Moody’s Investors Service upgraded Pakistan’s sovereign credit ratings for the first time since 2008, citing improving foreign-exchange reserves and the government’s economic overhaul under an IMF program.
“With the program now at its mid-point, we consider that the government has achieved significant traction in reforms,” Moody’s analyst Anushka Shah wrote in a statement on Thursday. “Continued commitment to the program would entail, amongst other goals, the government meeting deficit-reduction targets.”
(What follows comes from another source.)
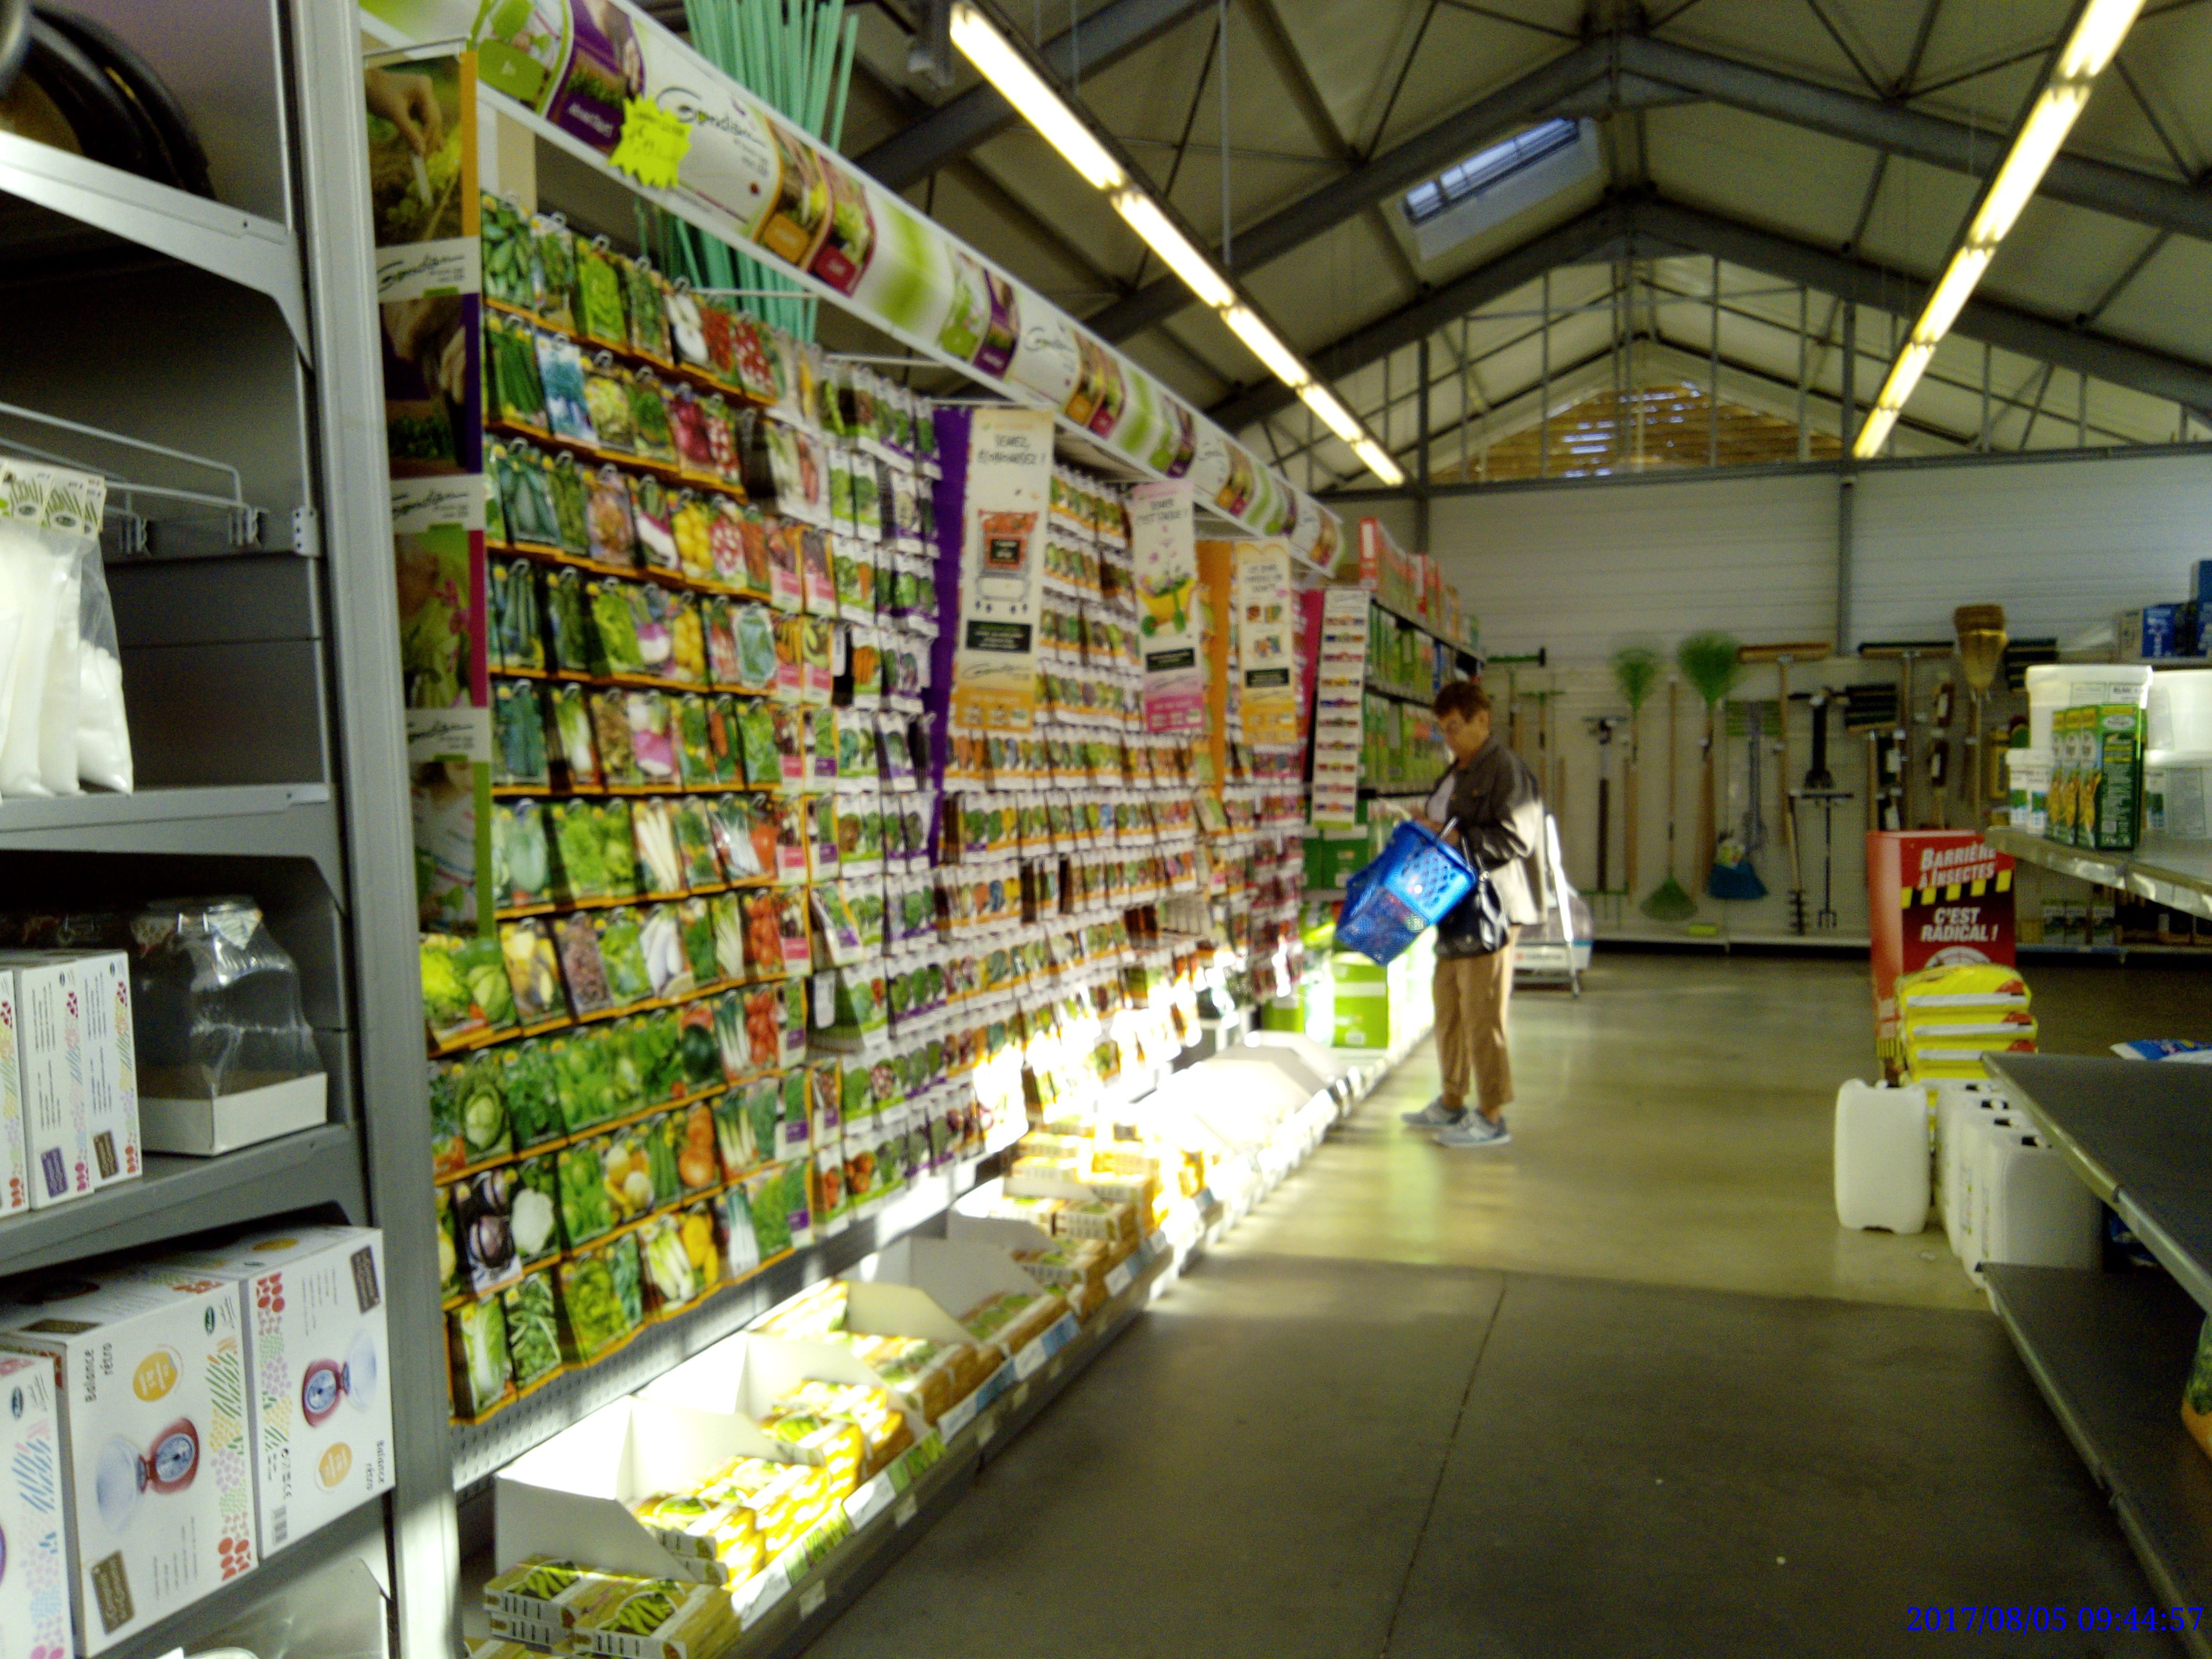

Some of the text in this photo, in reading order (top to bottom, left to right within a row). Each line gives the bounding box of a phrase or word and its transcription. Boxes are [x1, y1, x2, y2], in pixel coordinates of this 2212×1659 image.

[1934, 907, 1981, 925] C'EST
[1920, 923, 1989, 942] RADICAL
[85, 1348, 97, 1403] Balance
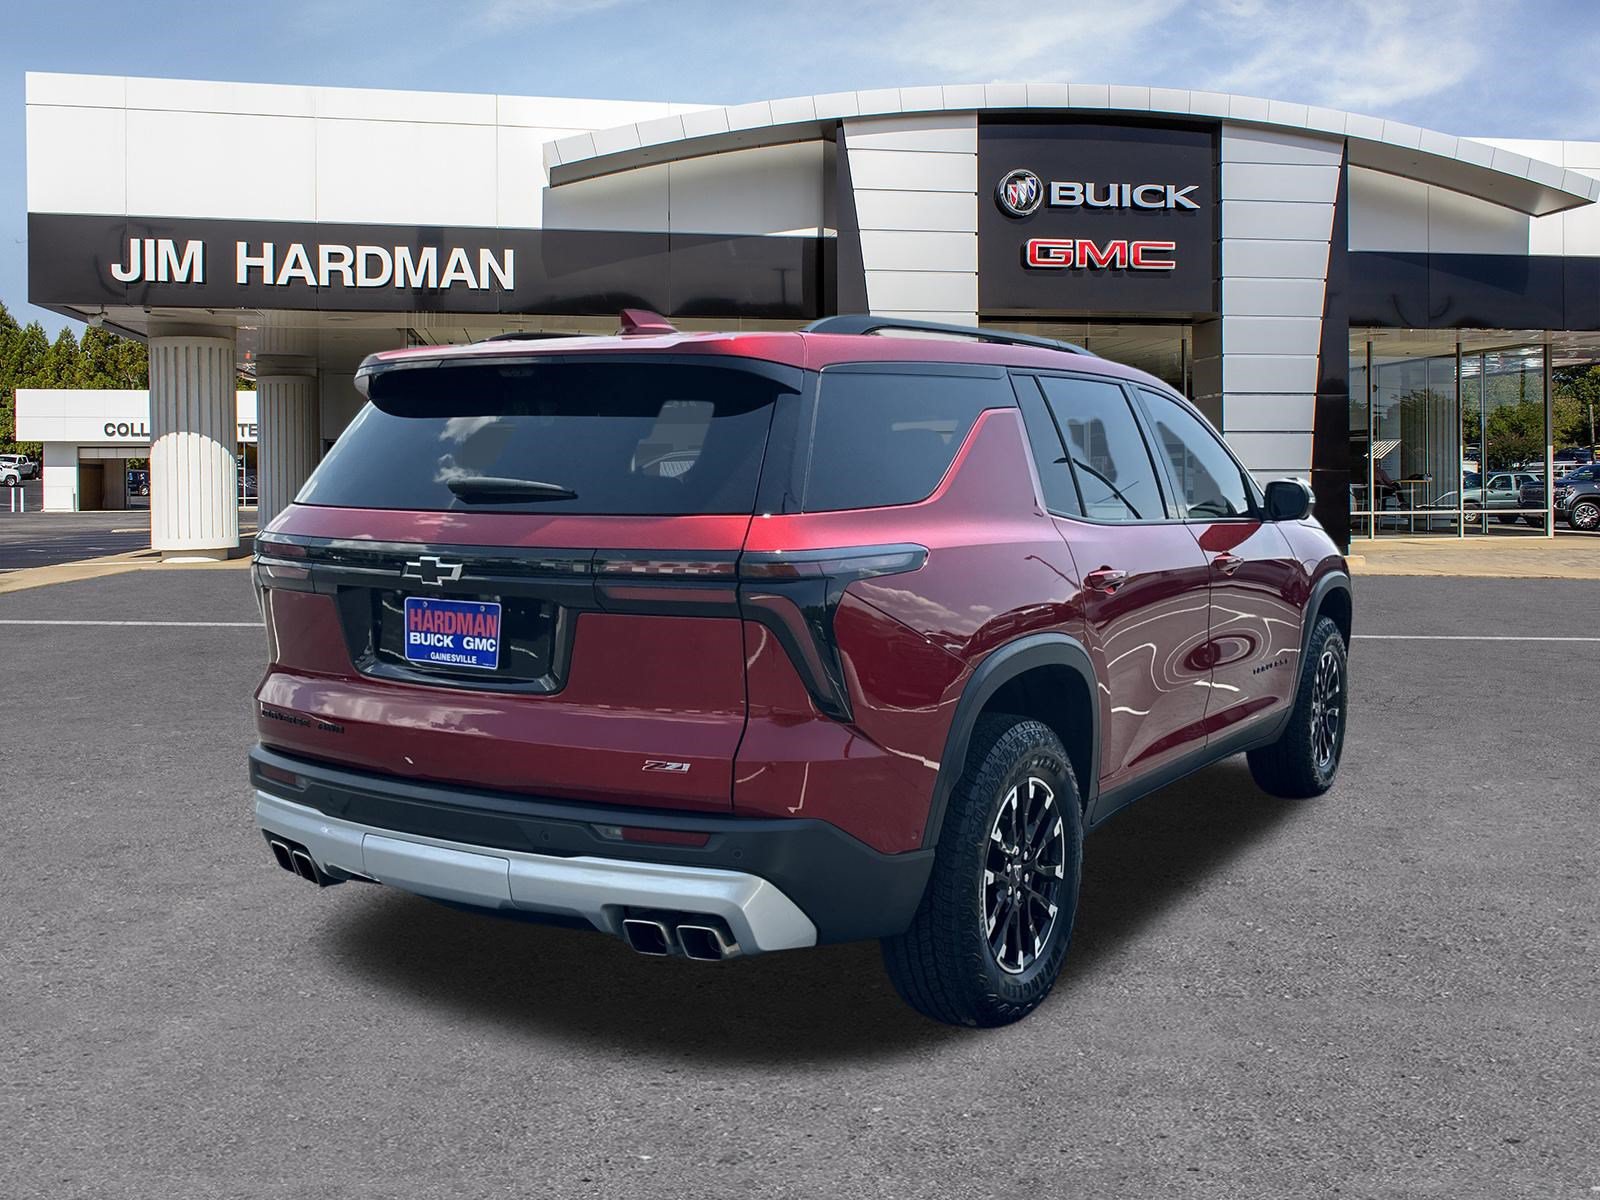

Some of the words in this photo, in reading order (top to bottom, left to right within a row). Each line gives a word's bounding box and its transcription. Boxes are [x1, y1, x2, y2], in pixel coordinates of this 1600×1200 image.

Moody’s raised Pakistan’s foreign currency issuer and senior unsecured bond ratings to B3 from Caa1 with a stable outlook. A stalling of the International Monetary Fund program, or other bilateral support, or a more unstable political environment, will be credit negative, the company said.
“This upgrade will get Pakistan bonds better offers at the international bond-sale” expected this year, Yawar Uz-Zaman, vice president for research at Shajar Capital Pakistan Pvt. in Karachi, said by phone. “This is a confidence booster.”
The yield on Pakistan’s dollar bonds maturing in April 2024 declined six basis points, the most in almost two months, to 6.97 percent as of 12:53 p.m. in Karachi, data compiled by Bloomberg show. The Karachi Stock Exchange 100 Index of shares rose 0.1 percent in a fifth day of gains and the rupee advanced as much as 0.2 percent to the strongest since May 8.
In its budget announced June 5, Prime Minister Nawaz Sharif’s administration said it will increase its capital gains tax to boost revenue and raise economic growth to the highest in nine years. He’s aiming to meet goals under a $6.6 billion IMF loan deal.
(A previous version of this story was corrected to say Moody’s published the statement on Thursday.)